** PROMPT **
Nothing but the lines from the one containing "this 1500×1001 image." through the last line of the records below should be written out, each exactly as it stands.

** Stored data entries **
<<<<

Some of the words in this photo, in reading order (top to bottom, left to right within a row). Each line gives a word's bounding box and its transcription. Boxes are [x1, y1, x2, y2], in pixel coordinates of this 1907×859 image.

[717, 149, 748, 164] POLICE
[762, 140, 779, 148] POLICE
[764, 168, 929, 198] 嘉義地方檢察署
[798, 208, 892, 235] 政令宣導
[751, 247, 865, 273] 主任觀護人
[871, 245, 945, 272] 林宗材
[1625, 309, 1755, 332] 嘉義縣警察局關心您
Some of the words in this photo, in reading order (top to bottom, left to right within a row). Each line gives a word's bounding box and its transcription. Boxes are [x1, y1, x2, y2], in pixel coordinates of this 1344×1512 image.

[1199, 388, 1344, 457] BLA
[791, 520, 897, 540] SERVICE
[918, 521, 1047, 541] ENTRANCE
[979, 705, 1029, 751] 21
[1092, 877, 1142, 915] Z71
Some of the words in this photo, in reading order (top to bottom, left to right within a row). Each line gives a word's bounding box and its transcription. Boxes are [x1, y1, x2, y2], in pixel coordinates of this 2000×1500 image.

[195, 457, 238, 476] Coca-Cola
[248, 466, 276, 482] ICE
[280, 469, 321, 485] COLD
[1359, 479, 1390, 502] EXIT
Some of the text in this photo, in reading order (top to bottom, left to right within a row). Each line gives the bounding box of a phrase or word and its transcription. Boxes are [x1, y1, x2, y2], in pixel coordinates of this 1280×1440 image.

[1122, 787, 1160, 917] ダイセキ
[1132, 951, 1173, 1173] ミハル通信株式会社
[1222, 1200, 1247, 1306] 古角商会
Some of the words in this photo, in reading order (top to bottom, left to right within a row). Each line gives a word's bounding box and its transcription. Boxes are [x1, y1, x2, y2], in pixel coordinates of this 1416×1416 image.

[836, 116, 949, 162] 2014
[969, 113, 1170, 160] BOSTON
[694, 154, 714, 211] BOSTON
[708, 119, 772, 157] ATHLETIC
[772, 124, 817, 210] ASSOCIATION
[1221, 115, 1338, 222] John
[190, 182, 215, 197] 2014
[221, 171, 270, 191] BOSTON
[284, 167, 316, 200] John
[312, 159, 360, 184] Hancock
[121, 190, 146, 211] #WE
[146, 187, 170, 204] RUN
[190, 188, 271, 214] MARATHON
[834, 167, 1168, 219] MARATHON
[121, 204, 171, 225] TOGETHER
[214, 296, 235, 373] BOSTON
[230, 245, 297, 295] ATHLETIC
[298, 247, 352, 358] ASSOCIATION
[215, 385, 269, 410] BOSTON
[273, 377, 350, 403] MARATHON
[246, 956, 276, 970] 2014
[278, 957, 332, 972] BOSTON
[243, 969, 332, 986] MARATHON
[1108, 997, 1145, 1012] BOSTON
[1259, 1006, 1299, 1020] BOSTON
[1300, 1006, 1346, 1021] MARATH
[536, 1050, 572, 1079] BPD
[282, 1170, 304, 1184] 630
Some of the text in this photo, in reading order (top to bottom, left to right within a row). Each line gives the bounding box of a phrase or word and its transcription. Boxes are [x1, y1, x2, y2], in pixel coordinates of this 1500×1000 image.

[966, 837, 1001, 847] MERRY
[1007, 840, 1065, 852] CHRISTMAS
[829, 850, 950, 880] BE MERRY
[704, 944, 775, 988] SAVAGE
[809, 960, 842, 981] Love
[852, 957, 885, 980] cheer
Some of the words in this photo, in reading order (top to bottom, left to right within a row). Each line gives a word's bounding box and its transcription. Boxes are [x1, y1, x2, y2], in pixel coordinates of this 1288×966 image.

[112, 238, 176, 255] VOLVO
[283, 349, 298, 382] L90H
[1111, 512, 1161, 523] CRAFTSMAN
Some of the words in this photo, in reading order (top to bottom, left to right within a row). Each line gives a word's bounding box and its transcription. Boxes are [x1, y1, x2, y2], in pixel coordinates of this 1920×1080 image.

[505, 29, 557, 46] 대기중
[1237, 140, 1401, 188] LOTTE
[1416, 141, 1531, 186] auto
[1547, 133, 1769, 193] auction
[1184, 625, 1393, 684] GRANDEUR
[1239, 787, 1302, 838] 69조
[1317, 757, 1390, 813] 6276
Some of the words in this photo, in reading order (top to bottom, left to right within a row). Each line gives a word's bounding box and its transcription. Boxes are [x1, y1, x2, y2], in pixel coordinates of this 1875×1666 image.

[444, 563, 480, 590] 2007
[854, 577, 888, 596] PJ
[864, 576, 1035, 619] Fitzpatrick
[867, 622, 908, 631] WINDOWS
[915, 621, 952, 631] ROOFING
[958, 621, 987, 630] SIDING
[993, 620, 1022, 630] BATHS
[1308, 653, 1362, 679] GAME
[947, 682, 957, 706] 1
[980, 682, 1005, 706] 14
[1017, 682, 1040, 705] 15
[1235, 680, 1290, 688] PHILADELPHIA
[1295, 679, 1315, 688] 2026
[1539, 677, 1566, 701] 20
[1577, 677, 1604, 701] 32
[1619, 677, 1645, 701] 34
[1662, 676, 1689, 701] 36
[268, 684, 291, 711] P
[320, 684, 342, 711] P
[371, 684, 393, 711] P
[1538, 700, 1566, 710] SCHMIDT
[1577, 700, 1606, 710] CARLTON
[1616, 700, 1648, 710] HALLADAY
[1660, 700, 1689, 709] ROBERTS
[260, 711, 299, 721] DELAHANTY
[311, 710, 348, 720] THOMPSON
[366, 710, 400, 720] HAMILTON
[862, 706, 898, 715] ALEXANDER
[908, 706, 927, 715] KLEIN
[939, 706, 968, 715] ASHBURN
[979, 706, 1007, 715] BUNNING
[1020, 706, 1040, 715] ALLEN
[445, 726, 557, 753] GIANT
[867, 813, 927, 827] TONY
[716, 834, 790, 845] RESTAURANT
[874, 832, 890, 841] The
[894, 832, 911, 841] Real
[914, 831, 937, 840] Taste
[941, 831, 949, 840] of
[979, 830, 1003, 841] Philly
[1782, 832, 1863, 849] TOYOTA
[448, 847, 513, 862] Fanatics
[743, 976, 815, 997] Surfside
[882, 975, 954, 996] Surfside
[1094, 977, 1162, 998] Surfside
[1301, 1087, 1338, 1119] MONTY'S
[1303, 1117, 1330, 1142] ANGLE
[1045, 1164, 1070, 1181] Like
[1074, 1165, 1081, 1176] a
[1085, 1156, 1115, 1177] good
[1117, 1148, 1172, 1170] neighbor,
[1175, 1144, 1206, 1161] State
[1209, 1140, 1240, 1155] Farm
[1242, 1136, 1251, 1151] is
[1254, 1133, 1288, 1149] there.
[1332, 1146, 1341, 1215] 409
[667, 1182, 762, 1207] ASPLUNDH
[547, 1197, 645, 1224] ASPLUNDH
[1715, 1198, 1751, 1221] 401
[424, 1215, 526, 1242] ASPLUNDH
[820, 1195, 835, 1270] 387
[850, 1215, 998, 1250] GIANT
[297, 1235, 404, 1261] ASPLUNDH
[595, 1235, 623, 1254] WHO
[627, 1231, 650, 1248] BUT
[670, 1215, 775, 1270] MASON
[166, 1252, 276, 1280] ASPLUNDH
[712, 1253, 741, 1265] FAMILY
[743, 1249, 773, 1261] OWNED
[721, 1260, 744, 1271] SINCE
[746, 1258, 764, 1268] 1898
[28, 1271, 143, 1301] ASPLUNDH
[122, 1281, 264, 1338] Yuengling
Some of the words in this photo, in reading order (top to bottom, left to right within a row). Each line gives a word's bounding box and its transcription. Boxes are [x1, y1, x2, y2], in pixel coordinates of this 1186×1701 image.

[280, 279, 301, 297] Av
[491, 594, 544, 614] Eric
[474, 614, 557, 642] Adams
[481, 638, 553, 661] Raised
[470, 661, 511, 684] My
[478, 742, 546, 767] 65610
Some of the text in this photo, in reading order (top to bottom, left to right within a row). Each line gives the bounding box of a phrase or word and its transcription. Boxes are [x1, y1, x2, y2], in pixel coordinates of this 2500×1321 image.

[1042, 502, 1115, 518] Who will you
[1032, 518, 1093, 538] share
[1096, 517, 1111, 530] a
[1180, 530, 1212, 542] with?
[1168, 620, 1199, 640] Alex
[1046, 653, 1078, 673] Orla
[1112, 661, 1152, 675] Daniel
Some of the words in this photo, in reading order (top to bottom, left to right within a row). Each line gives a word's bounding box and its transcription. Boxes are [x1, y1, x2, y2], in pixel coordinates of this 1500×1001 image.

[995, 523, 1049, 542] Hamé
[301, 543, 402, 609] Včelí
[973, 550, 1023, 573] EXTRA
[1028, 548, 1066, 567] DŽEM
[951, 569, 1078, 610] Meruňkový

>>>>

** ANSWER SPACE **
Some of the words in this photo, in reading order (top to bottom, left to right within a row). Each line gives a word's bounding box and its transcription. Boxes are [x1, y1, x2, y2], in pixel coordinates of this 1500×1001 image.

[995, 523, 1049, 542] Hamé
[301, 543, 402, 609] Včelí
[973, 550, 1023, 573] EXTRA
[1028, 548, 1066, 567] DŽEM
[951, 569, 1078, 610] Meruňkový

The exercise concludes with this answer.